O Livro dos Médiuns

047 – SEGUNDA PARTE-DAS MANIFESTAÇÕES-Capítulo XIX-Formação dos médiuns–itens 223

Reflexão

1. Como podemos diferenciar uma comunicação anímica (quando vem do próprio médium) de uma vinda de um outro Espírito ?

2. Nesse caso, que conselho nos dão os Espíritos?

3. Que papel exerce o Espírito do médium na comunicação, onde seu corpo físico é o instrumento?

4. Quando o médium pode ser um mau intérprete?

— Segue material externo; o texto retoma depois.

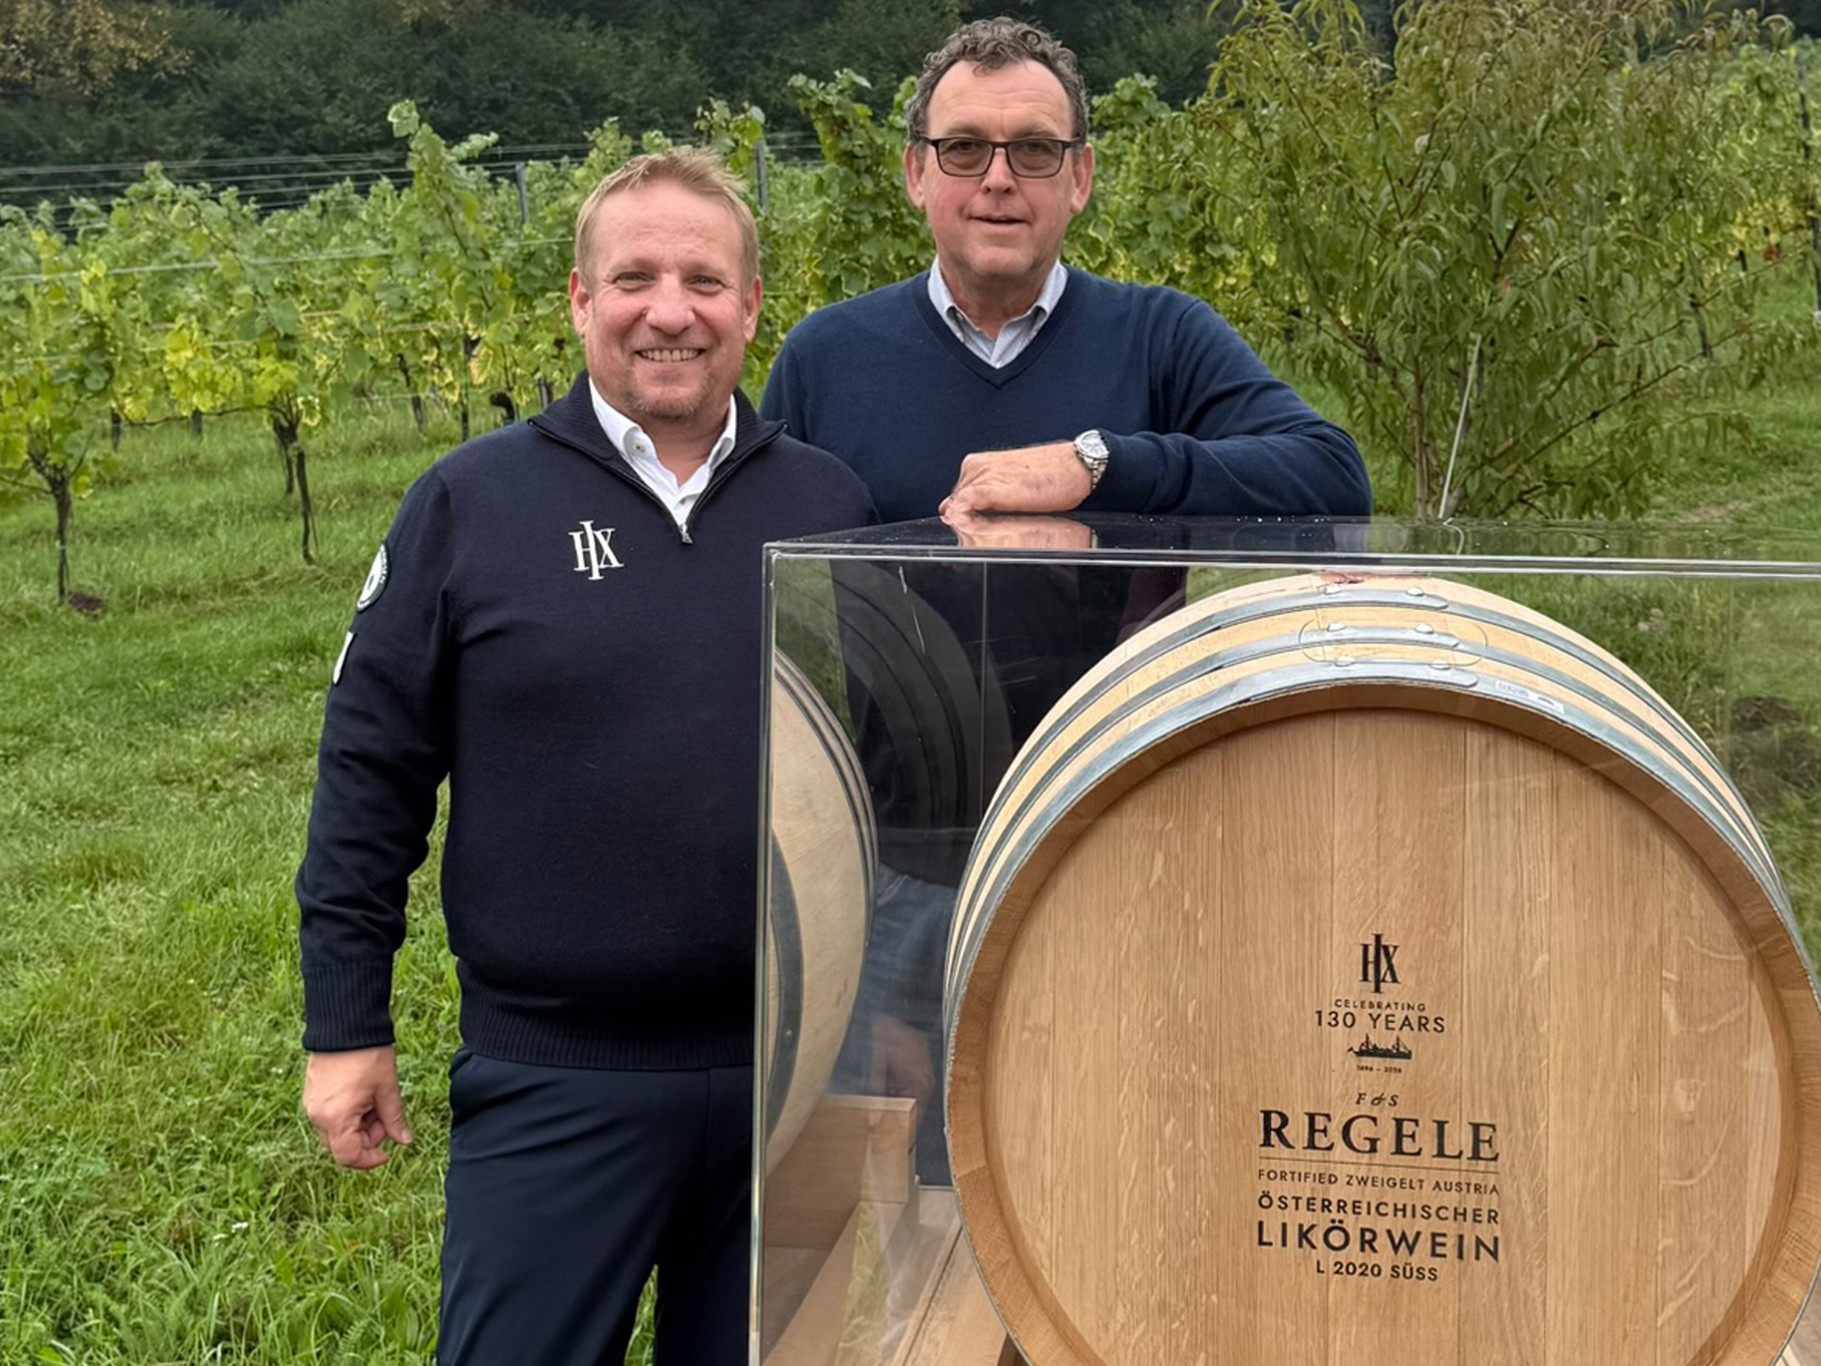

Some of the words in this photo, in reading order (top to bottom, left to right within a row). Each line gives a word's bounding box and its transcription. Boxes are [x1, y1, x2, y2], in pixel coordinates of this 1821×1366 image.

5. Levando-se em conta que os Espíritos podem vencer qualquer barreira material e moral do médium e se comunicarem, por que escolhem indivíduos mais aptos, de acordo com seus objetivos?

Conclusão

CONCLUSÃO

1. "Pela natureza das comunicações. Estuda as circunstâncias e a linguagem e distinguirás". Muitas vezes, mesmo conhecendo bem o médium, fica difícil distinguir a mensagem que vem dele ou de um outro Espírito; nesse caso, se a mensagem for de utilidade para quem houve e se cumprir sua finalidade, não há porque não se aceitar como verdadeira - até quando se tem certeza que vem do próprio médium.

2. Estudar longamente e meditar... até para decidir se tem realmente importância a origem da mensagem, sendo bom o seu conteúdo.

3. O de instrumento sempre e o de intérprete às vezes.

4. Quando deixa que suas ideias interfiram na interpretação da mensagem e considera a sua opinião acima de todas, mesmo quando é patente que o Espírito comunicante lhe é superior.

5. Porque é mais fácil e mais cômodo utilizar um instrumento afinado com suas pretensões do que um que ainda não esteja educado ou que precise ainda ser "afinado" ou que não tenha as aptidões necessárias para a tarefa.